いなくなった幼馴染の身代わり婚約者となった私。でも今になってその幼馴染が見つかったそうです

大舟

第1話

「会いたかったよ、エリス」

「おかえりなさいませ、シュノード第一王子様」

「……」


私の言葉を聞いたシュノード様は、それまでの穏やかな表情を一転させ、途端に不機嫌そうな表情を浮かべる。


「…違うんだよ。本物のエリスは、シュノードと第一王子様の間にほんの少しだけ間を空けるんだよ。だからこそお互いの言葉が際立ち、僕の心を心地よくしてくれ運じゃないか。…まだそんなことも分からないのか?」

「は、はい…。ごめんなさい…」


シュノード様は、彼の中に生きるエリスという女性を私に演じさせようとしている。

エリスというのはシュノード様と幼馴染の関係にある人物で、シュノード様は彼女の事を相当に好きだったらしい。
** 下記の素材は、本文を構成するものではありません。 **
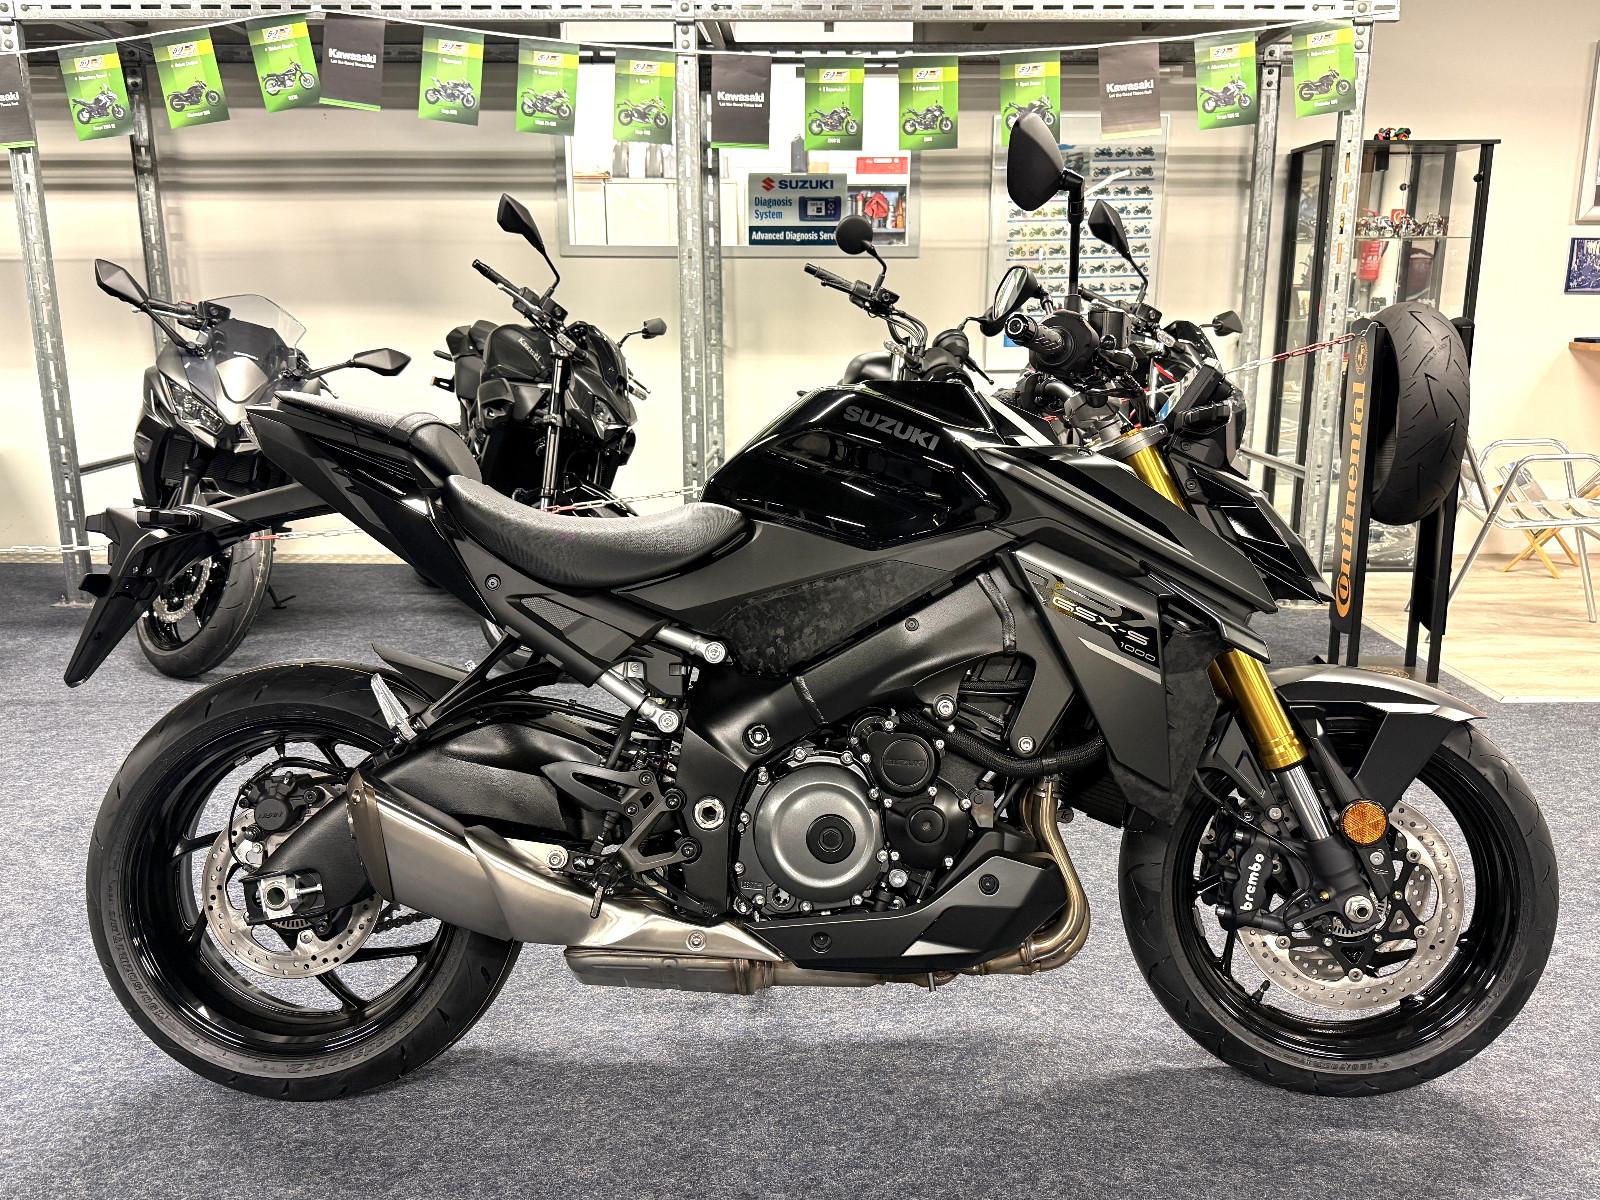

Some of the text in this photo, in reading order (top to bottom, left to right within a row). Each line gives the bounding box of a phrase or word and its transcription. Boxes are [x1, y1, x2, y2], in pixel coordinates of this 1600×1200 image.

[328, 48, 377, 63] Kawasaki
[1106, 79, 1154, 93] Kawasaki
[717, 90, 765, 103] Kawasaki
[778, 179, 834, 190] SUZUKI
[754, 196, 793, 208] Diagnosis
[754, 209, 783, 220] System
[751, 231, 784, 240] Advanced
[785, 231, 818, 242] Diagnosis
[843, 405, 941, 451] SUZUKI
[1120, 641, 1156, 662] 1000
[1239, 852, 1265, 911] brembo
それこそ、第一王子たる彼の次期妃候補とも言われもてはやされるほどに。


「それじゃあ、僕への思いを込めてもう一度言ってくれ。今度は間違えるなよ?」

「はい…。おかえりなさいませ、シュノード様第一王子様」

「…まぁ、最初よりはマシになっただろうか。エリス、もう次に同じミスをするんじゃないぞ?」

「か、かしこまりました…」


そんなエリスがシュノード様の前から忽然と姿を消したのが、今からもう半年ほど前の事。

最初はただの喧嘩だとか、恋愛のもつれだとか言われていて、その行方はすぐに見つかるだろうって言われていた。
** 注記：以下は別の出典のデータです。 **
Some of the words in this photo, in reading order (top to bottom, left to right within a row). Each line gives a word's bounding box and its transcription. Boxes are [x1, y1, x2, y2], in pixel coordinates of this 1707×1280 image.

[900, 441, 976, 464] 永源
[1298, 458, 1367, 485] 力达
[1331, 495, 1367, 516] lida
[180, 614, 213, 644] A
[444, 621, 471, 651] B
けれど、どれだけ時間が経ってもエリスがシュノード様の元に戻ってくることはなかった。


「それじゃあエリス、さっそくこのまま食事に移ろうじゃないか。今日一日、僕は君と過ごすこの時間を楽しみにして仕事を頑張ってきたんだ。二人で食べれば味も一段とおいしく感じられることだろう。きっといい時間になるよ」

「もう、シュノード様ったら。そんなことを言っても、私の機嫌がよくなるわけではありませんよ?」

「機嫌を取りたくて言っているわけじゃないさ。本心から言っているんだ。エリス、僕は本当に君の事を愛しているよ」

「私もです、シュノード様…。って、いまからこんなんじゃお食事がいつまでたっても進みませんよ?」

「あぁ、つい熱くなってしまったよ。すまないすまない」


エリスの存在を失ったシュノード様は、それはそれは非常に大きな傷をその心に負ってしまった。
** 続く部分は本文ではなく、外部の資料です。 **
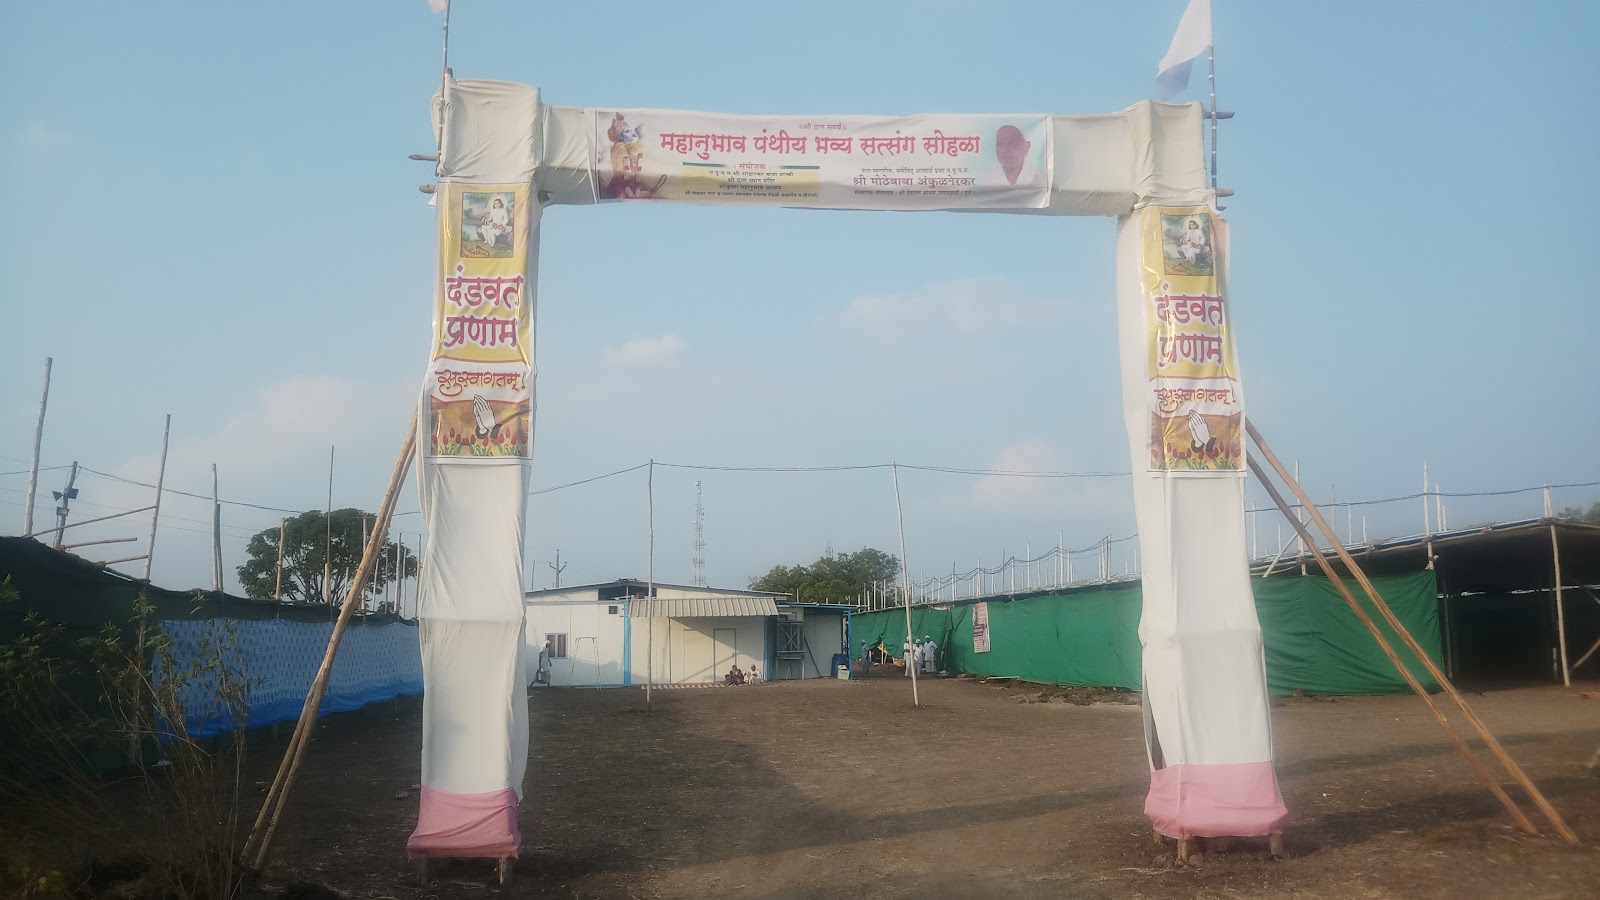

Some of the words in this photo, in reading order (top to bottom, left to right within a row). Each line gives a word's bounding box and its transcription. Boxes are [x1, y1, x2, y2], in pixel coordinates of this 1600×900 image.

[660, 132, 746, 160] महानुभाव
[753, 128, 807, 155] पंथीय
[815, 135, 853, 155] भव्य
[860, 130, 916, 157] सत्संग
[922, 129, 981, 157] सोहळा
[853, 173, 867, 186] श्री
[870, 174, 914, 186] मोठेबाबा
[917, 174, 976, 189] अंकुळनेरकर
[445, 265, 524, 308] दंडवत
[1153, 283, 1224, 326] दंडवत
[443, 316, 519, 348] प्रणाम
[1158, 333, 1223, 367] प्रणाम
彼の周りの人たちが、あの手この手を尽くしてその傷を癒そうと手を尽くした。

けれど、そのどれもシュノード様を立ち直らせるには至らなかった。

そして、私の事をシュノード様が知ったのは、ちょうどその時だった。


「エリス、覚えているかい?君がすっごくおなかが空いていたからか、このパンをたくさん口に入れてしまって、倒れてしまったことがあっただろう?」

「そ、そうでしたね…。さすがシュノード様、私の事なら何でも覚えてくださっておられるのですね」

「当然だよ。エリス、僕は君が思っている以上に、君の事を思っているんだから。あ、ほら、冷める前にスープも」


彼女がいなくなったその時、私は第一王宮に仕える一貴族の娘に過ぎなかった。

当然私とシュノード様との立場は天と地ほどの差があり、私はシュノード様と話をしたことおろか直接お会いしたこともなかった。

そんな時、たまたま偶然シュノード様は第一王宮の廊下を歩く私の姿を目にしたのだという。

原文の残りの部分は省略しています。